• **AIM OF THE TASK**:
Would you repeat the entries below word for word and omit the pictures?
* * *
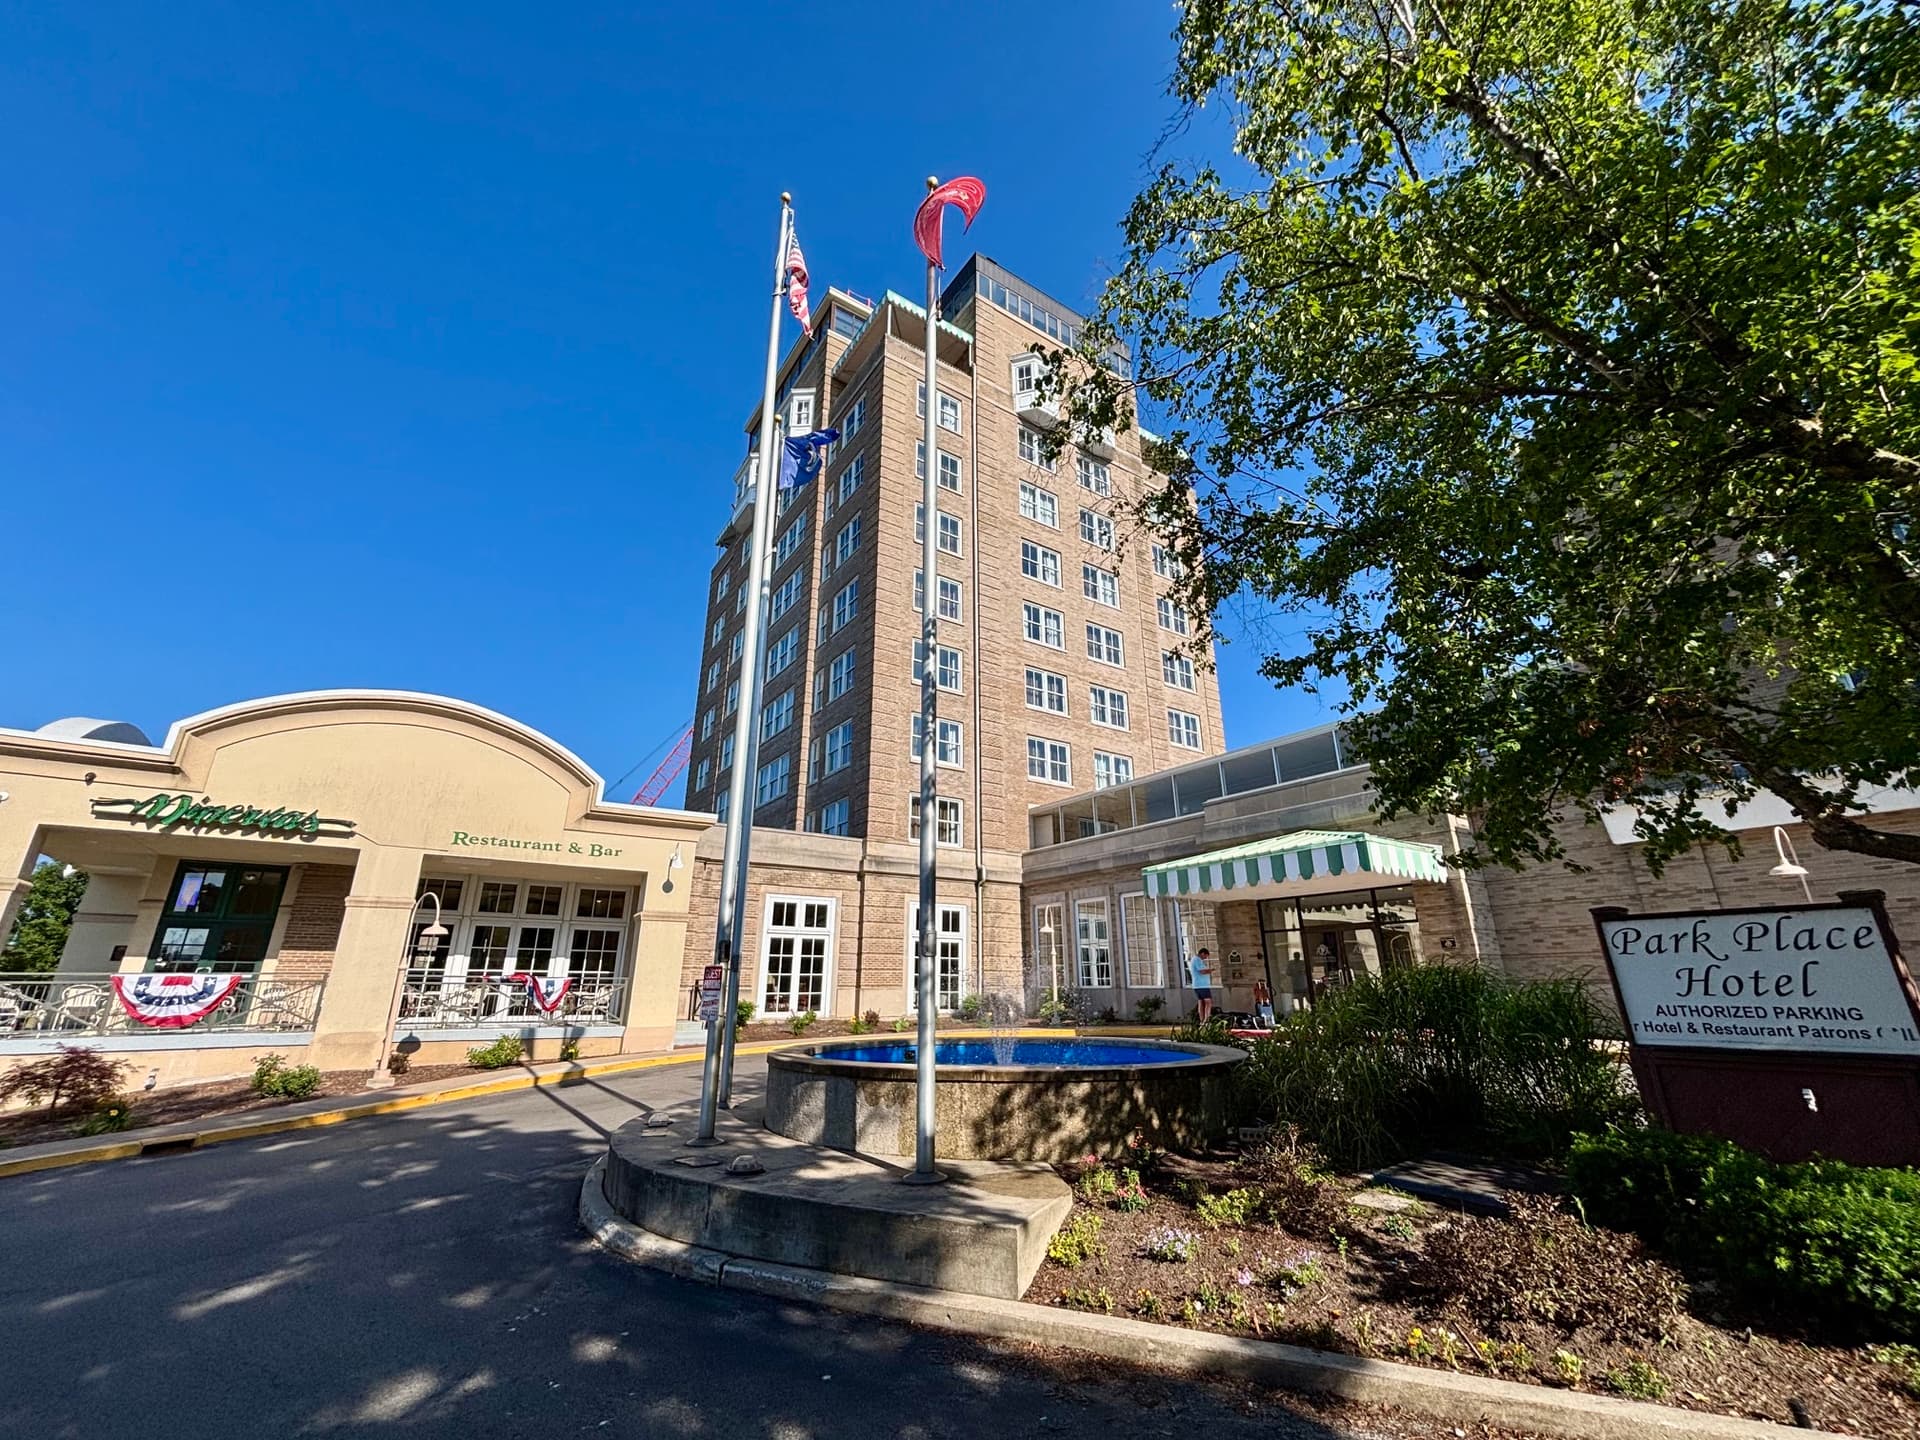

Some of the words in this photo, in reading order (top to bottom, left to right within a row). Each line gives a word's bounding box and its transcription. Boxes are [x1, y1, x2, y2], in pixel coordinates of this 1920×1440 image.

[452, 831, 562, 852] Restaurant
[568, 841, 583, 854] &
[589, 843, 623, 857] Bar
[1611, 919, 1729, 961] Park
[1733, 915, 1875, 951] Place
[1675, 960, 1820, 998] Hotel
[1656, 1004, 1768, 1020] AUTHORIZED
[1772, 1006, 1864, 1021] PARKING
[1643, 1021, 1682, 1034] Hotel
[1687, 1022, 1699, 1035] &
[1703, 1022, 1794, 1038] Restaurant
[1799, 1025, 1872, 1040] Patrons
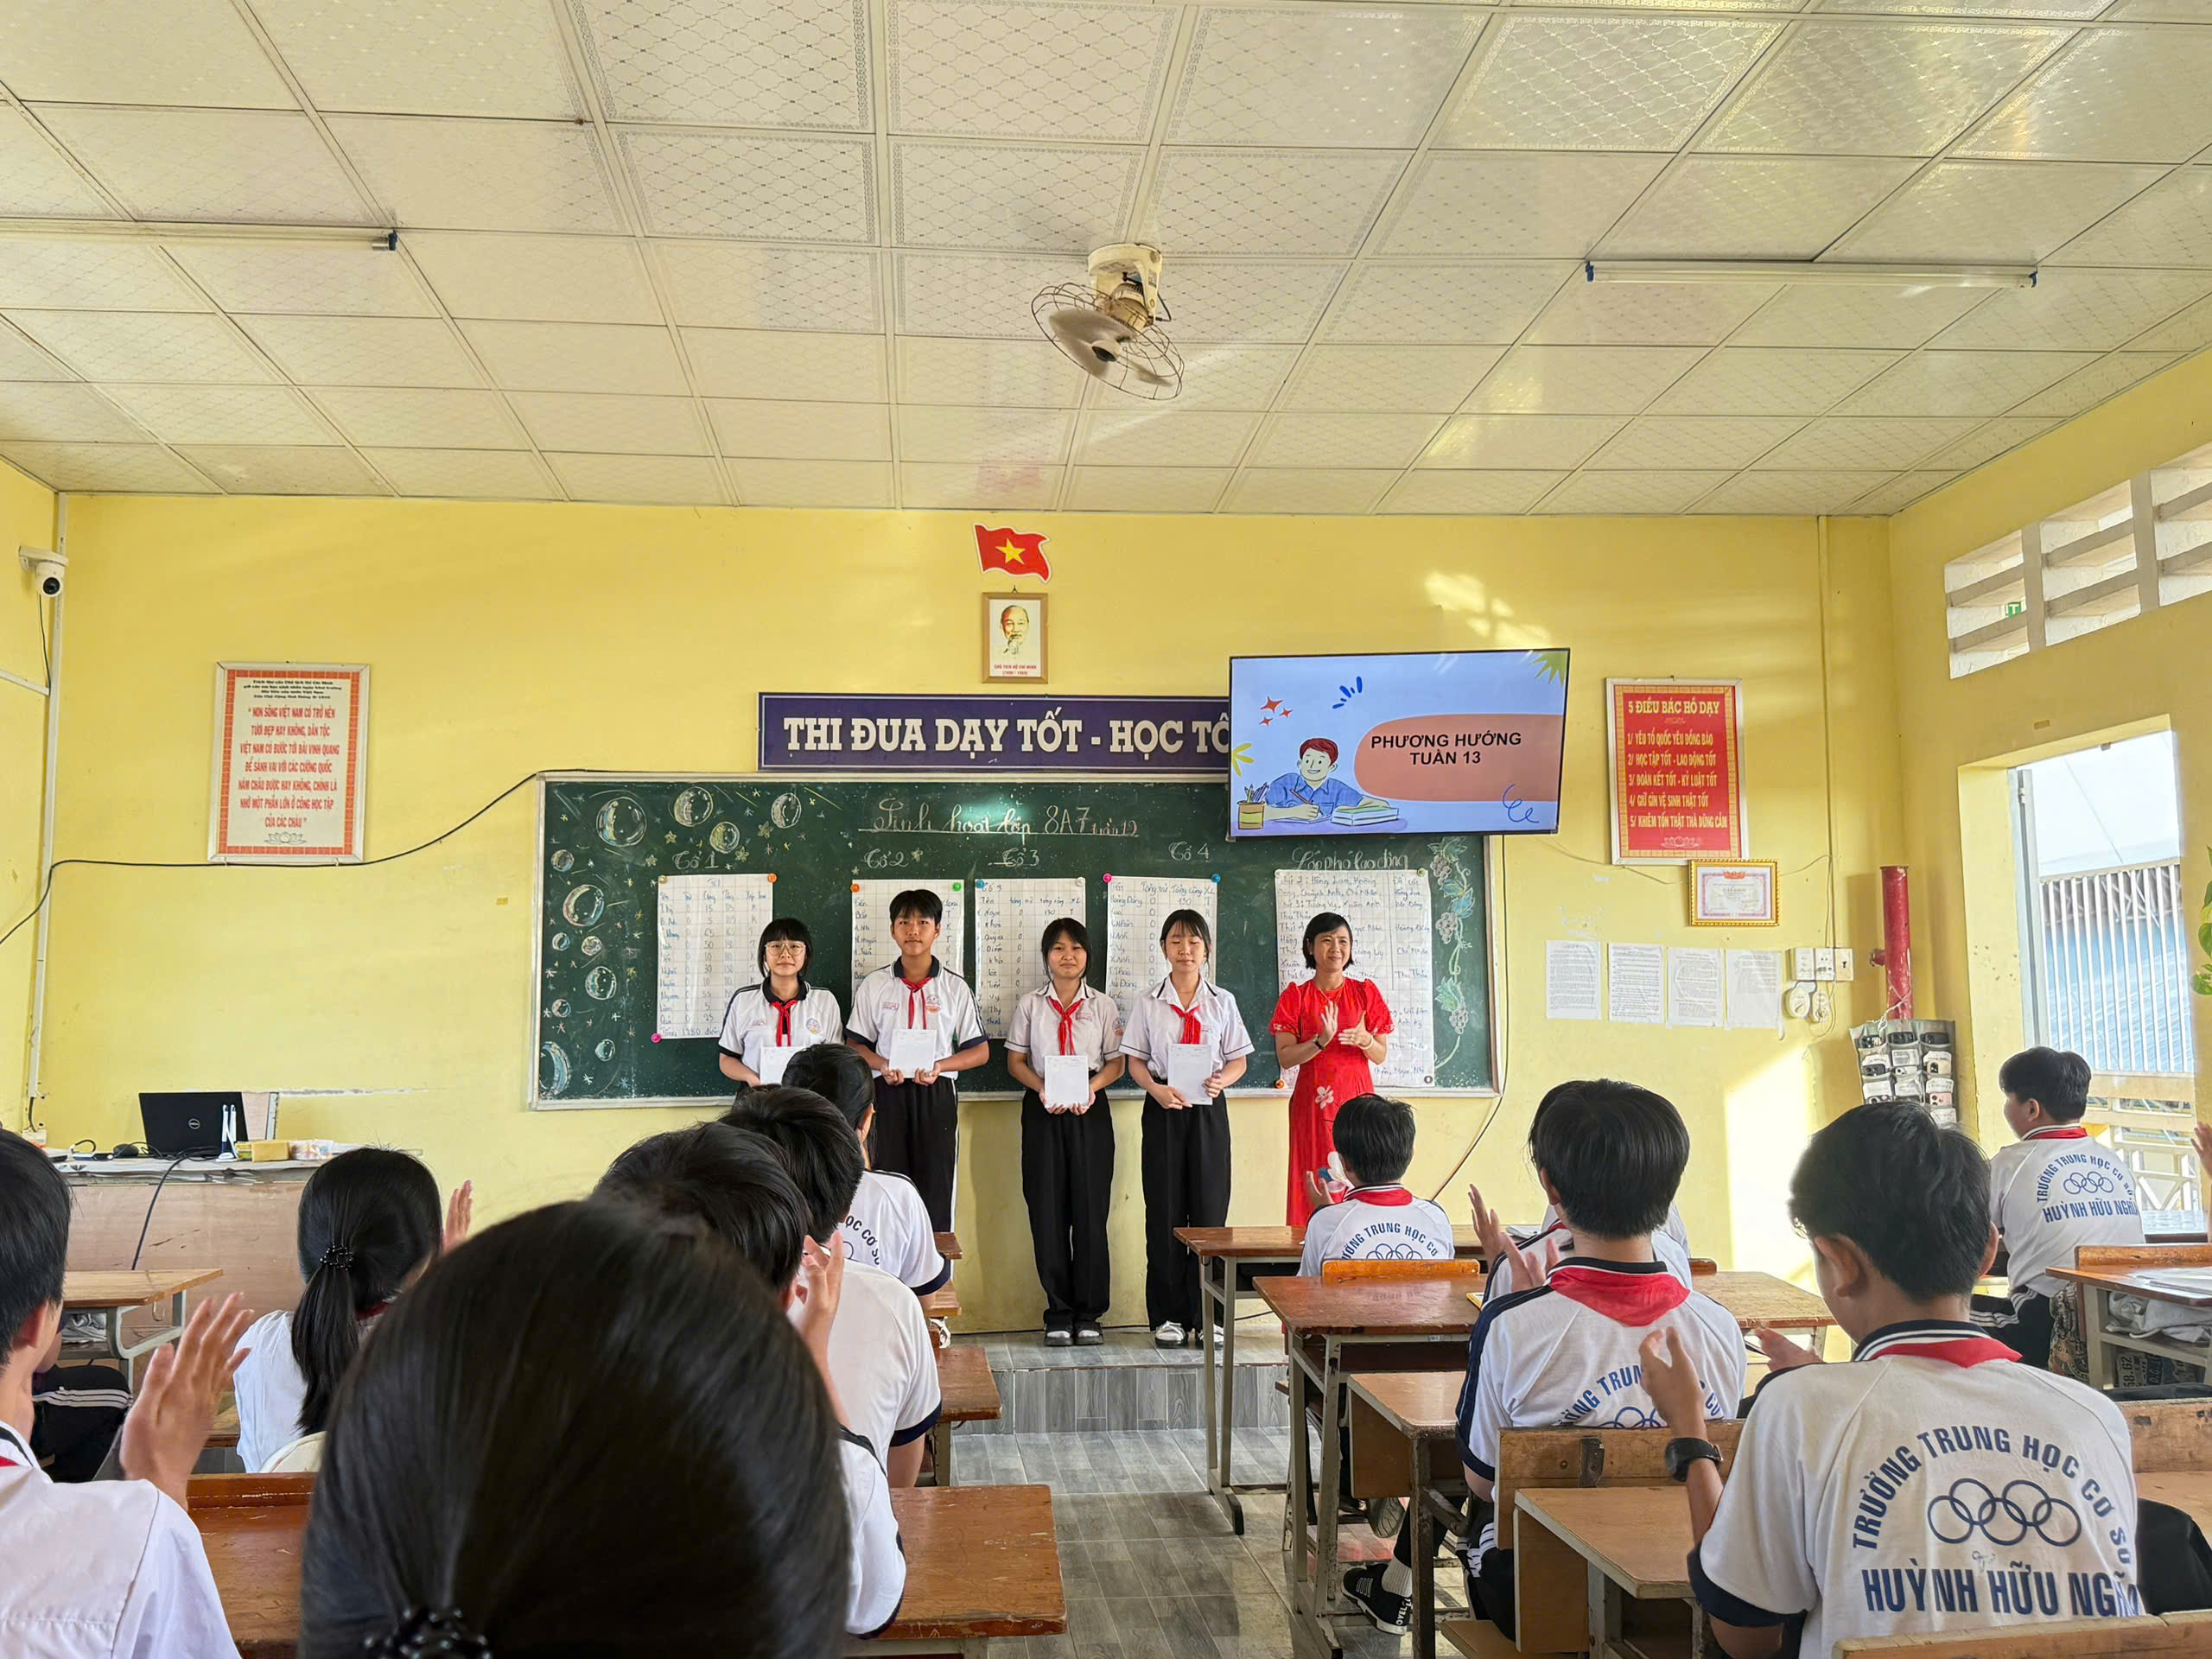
* * *
• **SOLUTION FOR THIS EXERCISE**:
Some of the words in this photo, in reading order (top to bottom, left to right within a row). Each line gives a word's bounding box and its transcription. Boxes are [x1, y1, x2, y2], in pixel coordinates of this 1920×1440 image.

[452, 831, 562, 852] Restaurant
[568, 841, 583, 854] &
[589, 843, 623, 857] Bar
[1611, 919, 1729, 961] Park
[1733, 915, 1875, 951] Place
[1675, 960, 1820, 998] Hotel
[1656, 1004, 1768, 1020] AUTHORIZED
[1772, 1006, 1864, 1021] PARKING
[1643, 1021, 1682, 1034] Hotel
[1687, 1022, 1699, 1035] &
[1703, 1022, 1794, 1038] Restaurant
[1799, 1025, 1872, 1040] Patrons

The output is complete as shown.